Dataset entries:
-*-*-

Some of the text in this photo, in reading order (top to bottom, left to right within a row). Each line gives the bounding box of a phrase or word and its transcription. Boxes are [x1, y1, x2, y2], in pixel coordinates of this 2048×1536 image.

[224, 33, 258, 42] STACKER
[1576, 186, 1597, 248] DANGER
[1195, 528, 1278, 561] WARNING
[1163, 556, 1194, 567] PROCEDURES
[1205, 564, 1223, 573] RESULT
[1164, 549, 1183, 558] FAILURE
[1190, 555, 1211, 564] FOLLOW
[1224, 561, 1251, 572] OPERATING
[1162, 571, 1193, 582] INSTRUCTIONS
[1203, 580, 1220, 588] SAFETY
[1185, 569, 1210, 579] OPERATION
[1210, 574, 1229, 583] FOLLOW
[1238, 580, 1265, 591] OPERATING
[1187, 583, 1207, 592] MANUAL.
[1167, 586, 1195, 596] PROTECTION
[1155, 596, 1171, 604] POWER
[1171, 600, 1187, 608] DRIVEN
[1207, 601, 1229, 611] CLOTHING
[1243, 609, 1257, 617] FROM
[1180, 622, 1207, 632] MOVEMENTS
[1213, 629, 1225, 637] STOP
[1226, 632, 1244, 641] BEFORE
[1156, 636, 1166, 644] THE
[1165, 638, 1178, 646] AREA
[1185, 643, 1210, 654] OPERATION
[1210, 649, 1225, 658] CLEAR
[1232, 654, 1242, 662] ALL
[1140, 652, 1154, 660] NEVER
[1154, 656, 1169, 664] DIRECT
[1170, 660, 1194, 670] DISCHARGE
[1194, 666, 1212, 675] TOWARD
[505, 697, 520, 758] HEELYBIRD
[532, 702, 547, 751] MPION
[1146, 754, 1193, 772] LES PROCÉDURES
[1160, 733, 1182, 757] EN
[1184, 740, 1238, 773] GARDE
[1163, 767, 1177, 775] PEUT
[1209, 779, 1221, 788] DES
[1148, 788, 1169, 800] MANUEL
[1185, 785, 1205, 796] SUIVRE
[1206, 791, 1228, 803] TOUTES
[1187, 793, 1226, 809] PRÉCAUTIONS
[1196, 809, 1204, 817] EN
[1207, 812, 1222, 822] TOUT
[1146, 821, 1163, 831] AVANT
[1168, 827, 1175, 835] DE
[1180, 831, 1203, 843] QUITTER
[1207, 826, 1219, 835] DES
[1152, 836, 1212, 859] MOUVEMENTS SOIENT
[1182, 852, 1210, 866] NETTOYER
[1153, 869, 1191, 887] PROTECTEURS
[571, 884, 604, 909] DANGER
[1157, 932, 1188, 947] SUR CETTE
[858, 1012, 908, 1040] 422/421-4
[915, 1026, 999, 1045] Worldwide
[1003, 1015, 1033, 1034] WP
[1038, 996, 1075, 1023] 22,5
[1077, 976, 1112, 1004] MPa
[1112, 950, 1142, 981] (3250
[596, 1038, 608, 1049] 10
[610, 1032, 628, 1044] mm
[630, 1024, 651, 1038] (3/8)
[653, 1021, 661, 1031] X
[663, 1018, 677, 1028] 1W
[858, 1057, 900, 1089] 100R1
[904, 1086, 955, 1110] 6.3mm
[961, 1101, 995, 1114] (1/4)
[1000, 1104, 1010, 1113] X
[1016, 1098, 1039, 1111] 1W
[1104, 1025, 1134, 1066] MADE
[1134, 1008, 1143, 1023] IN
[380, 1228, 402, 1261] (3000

-*-*-

- [About this exercise]:
Your answer should be a single number: the count of lines above with the word "FOLLOW".

- [Completed task]:
2